Die polnische Politik ist nie um einen Skandal verlegen. Heute beschuldigt der Sejm-Abgeordnete Przemyslaw Wipler, die Polizei habe ihn zusammengeschlagen. Öffentliche Aufmerksamkeit ist ihm damit auf jeden Fall sicher.
Die polnische Politik ist bunt, erscheint manchmal skurril und langweilig ist sie nie. Erst gestern sind Korruptionsvorwürfe bei Wahlen innerhalb der regierenden Bürgerplattform (PO) aufgekommen. Antoni Macierewicz (Recht und Gerechtigkeit, PiS) versucht mit seiner Expertenkommission händeringend zu belegen, dass der tragische Flugzeugabsturz der Präsidentenmaschine bei Smolensk 2010 in Wirklichkeit ein gelungener Anschlag auf den für Russland unbequemen Präsidenten Lech Kaczynski war; doch erst vor kurzem ist die Kompetenz seiner Experten in Frage gestellt worden.
Und heute war es wieder soweit: Ein weiterer Skandal breitet sein Flügel über Polen aus. Mit vielen Schwellungen und blauen Flecken im Gesicht trat der klerikalkonservative Parlamentsabgeordnete Przemyslaw Wipler im Parlament (Sejm) vor die Kameras und erklärte mit bewegter Miene, er sei zusammengeschlagen worden. Er habe vorher ein Abendessen genossen und sei dann in ein Warschauer Lokal gegangen, um noch einen Drink zu nehmen.

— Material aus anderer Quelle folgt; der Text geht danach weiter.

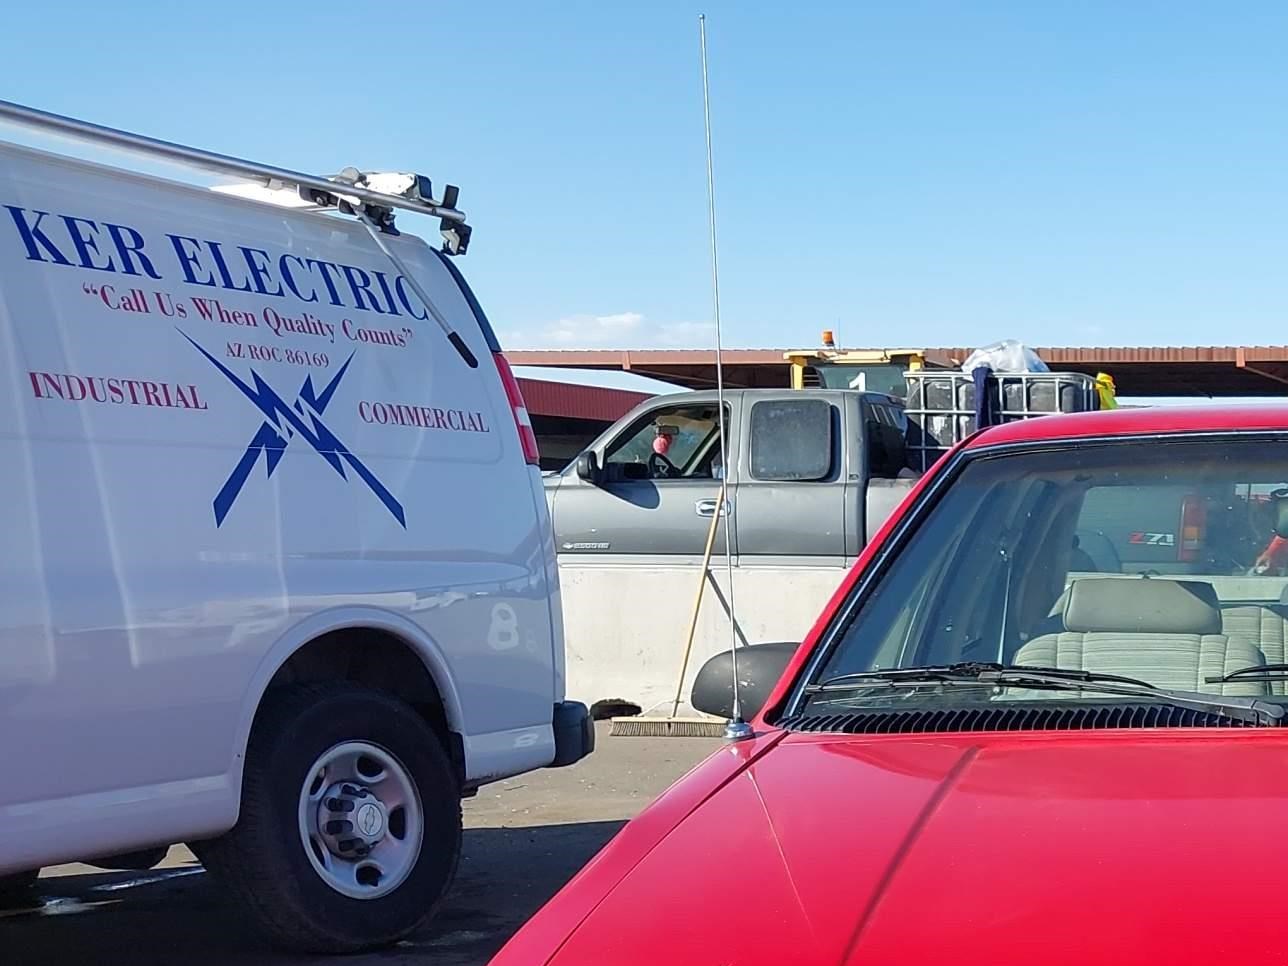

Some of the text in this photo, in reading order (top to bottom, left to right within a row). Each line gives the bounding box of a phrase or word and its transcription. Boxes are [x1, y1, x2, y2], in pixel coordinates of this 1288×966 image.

[2, 204, 429, 321] KER ELECTRIC
[153, 291, 188, 318] Us
[190, 296, 258, 327] When
[263, 306, 335, 344] Quality
[226, 341, 330, 368] AZ ROC 86169
[28, 372, 208, 410] INDUSTRIAL
[359, 400, 490, 433] COMMERCIAL
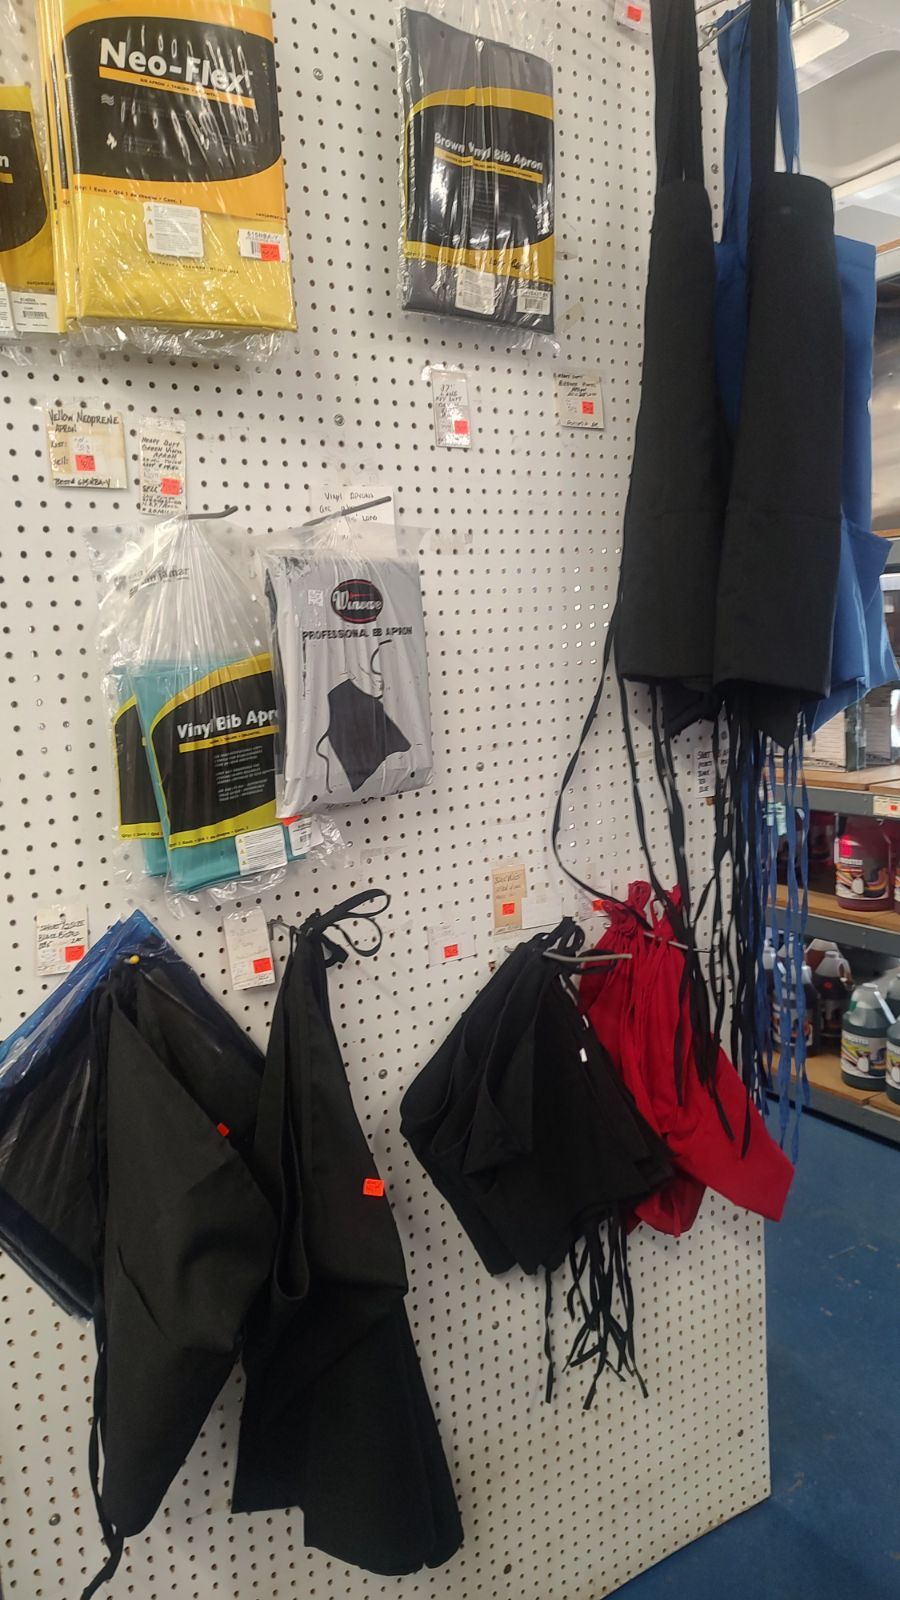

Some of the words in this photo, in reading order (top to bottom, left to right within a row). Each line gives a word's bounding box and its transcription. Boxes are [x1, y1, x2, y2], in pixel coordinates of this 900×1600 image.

[100, 37, 243, 94] Neo-Flex
[434, 131, 465, 154] Brown
[494, 148, 511, 162] Bib
[513, 155, 543, 173] Apron
[177, 719, 216, 739] Vinyl
[216, 713, 243, 732] Bib
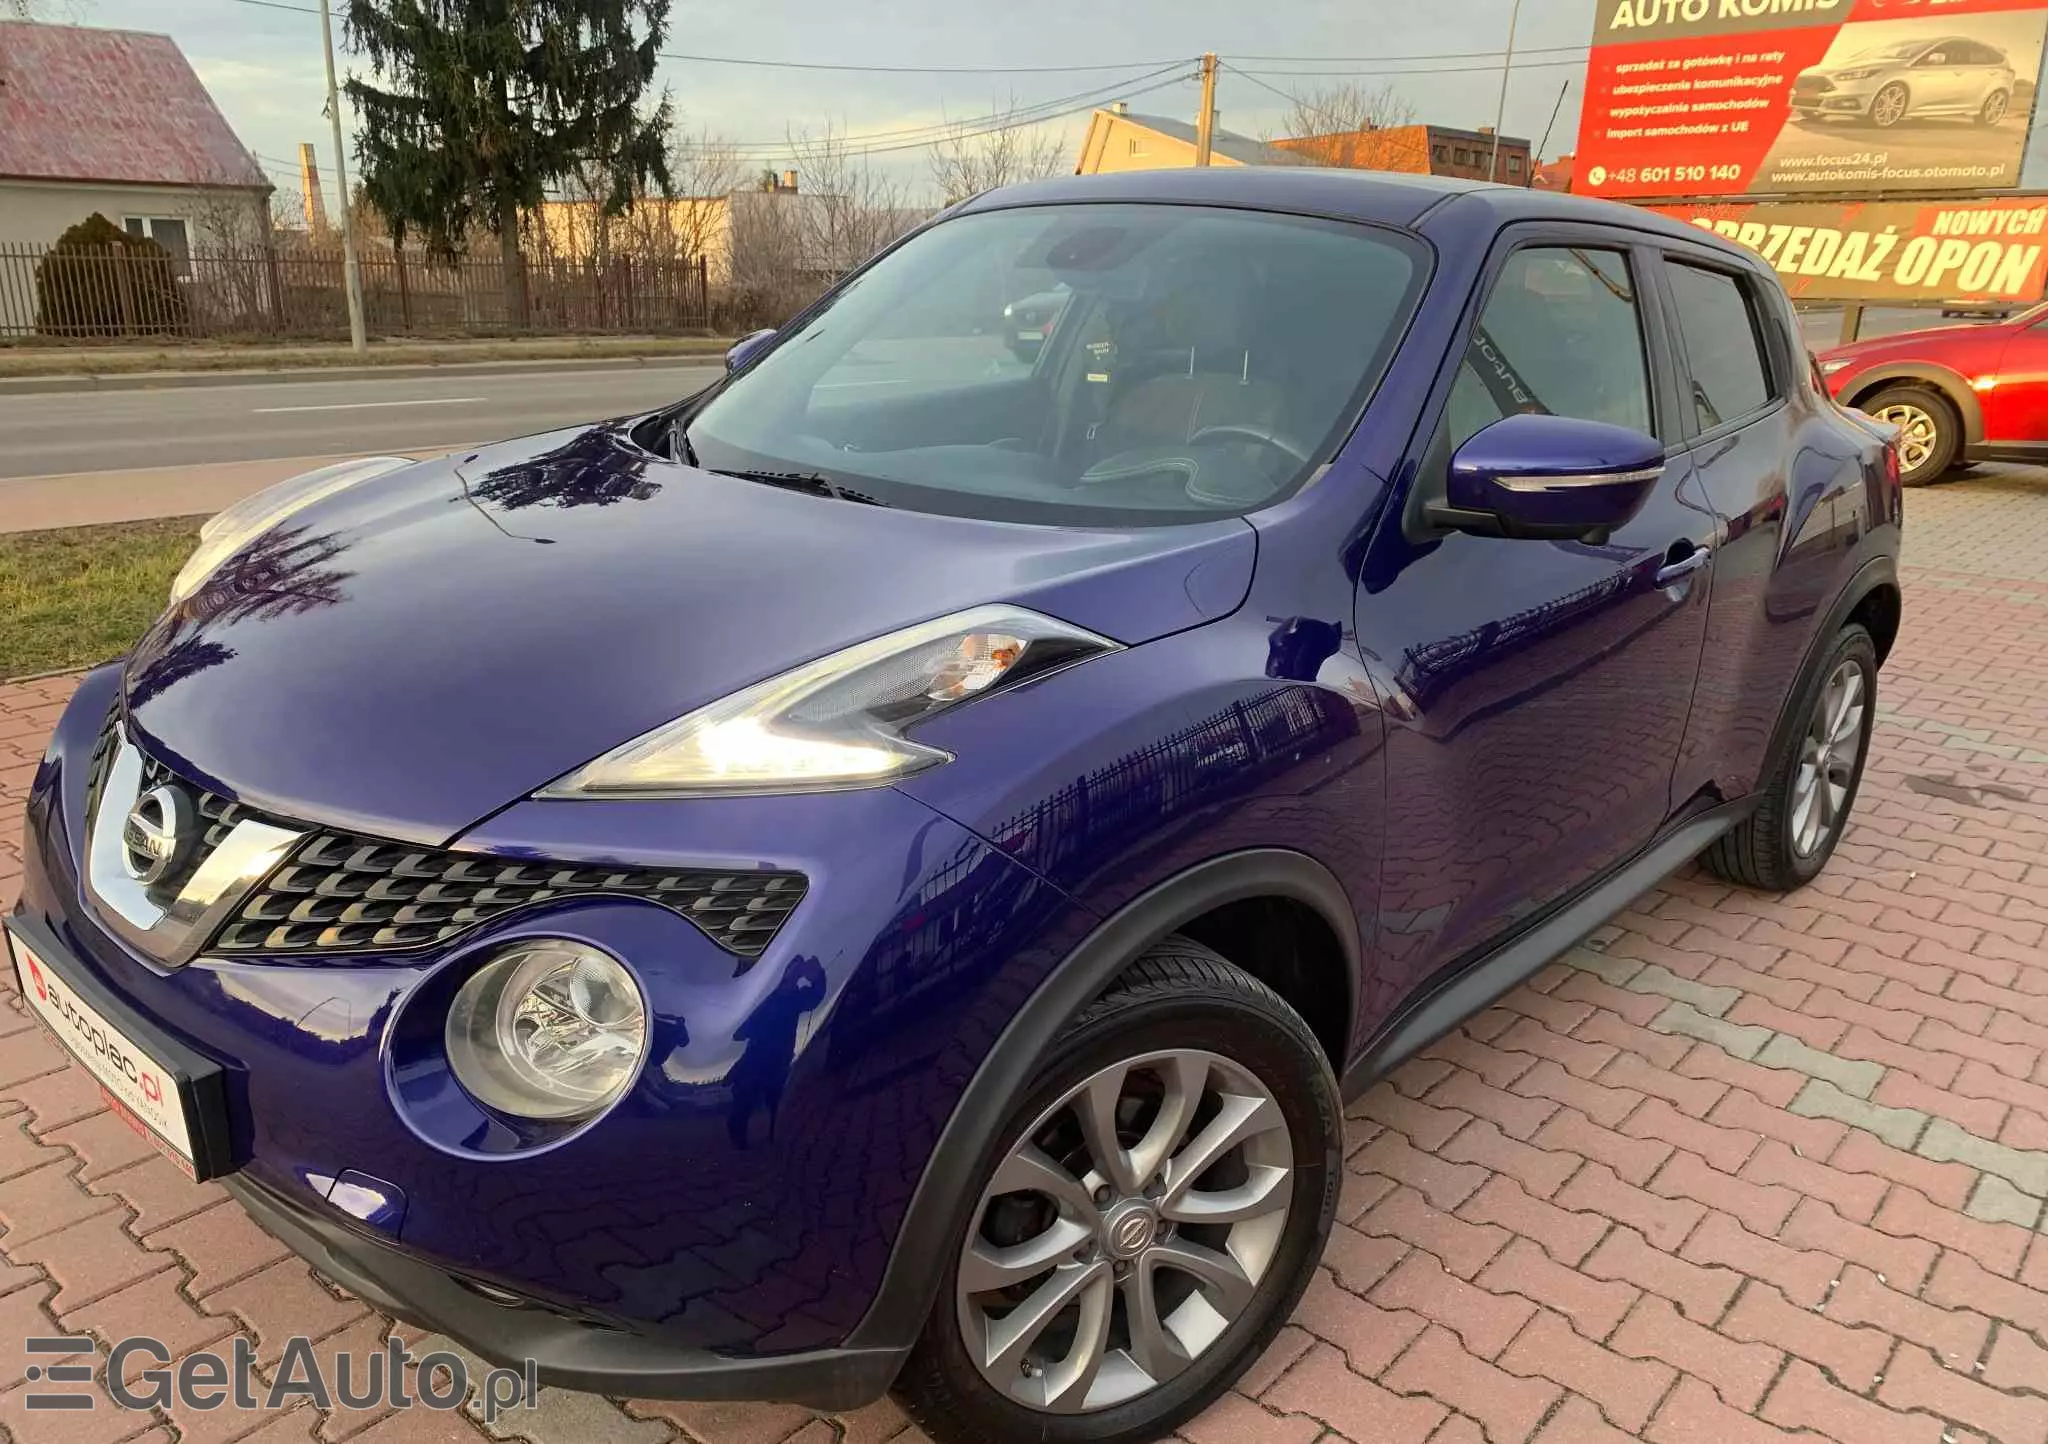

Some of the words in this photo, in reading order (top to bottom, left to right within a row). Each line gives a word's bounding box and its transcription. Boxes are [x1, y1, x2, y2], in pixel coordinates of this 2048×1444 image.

Als er aus dem Lokal im Zentrum der polnischen Hauptstadt gegangen war, habe er einschreiten müssen, weil er einen Streit beobachtet habe. Danach soll alles schnell gegangen sein. Ehe er sich versah, sei er brutal zusammengeschlagen worden, wovon viele Verletzungen am ganzen Körper zeugen. Er habe noch nicht einmal die Gelegenheit gehabt, seinen Parlamentsausweis zu zeigen (in Polen genießen Parlamentarier genauso wie in Deutschland eine gewisse Immunität).
Gegendarstellung der Polizei
Die Polizei wehrt sich gegen die Anschuldigungen und präsentiert eine Gegendarstellung. Demnach wurden Polizisten zu einer Schlägerei gerufen, sie fanden jedoch lediglich zwei betrunkene Männer vor. Als sie diese kontrolliert haben, sei ein anderer Mann dazugekommen, der die Beamten angepöbelt und getreten haben soll. Danach haben diese eingegriffen, dem Mann Handschellen angelegt und ihn abgeführt. Erst später soll sich herausgestellt haben, dass es sich um einen Sejm-Abgeordneten gehandelt hat.
Ein Augenzeuge soll gegenüber dem polnischen Fernsehsender tvn24 die Version der Polizisten bestätigt haben. Dieser bleibt jedoch anonym. Przemyslaw Wipler hingegen möchte nun darauf hinwirken, dass gegen die Polizisten Ermittlungen aufgenommen werden. Eines hat der Parlamentarier auf jeden Fall schon erreicht: So viel Aufmerksamkeit erlangte er noch nie in den Medien.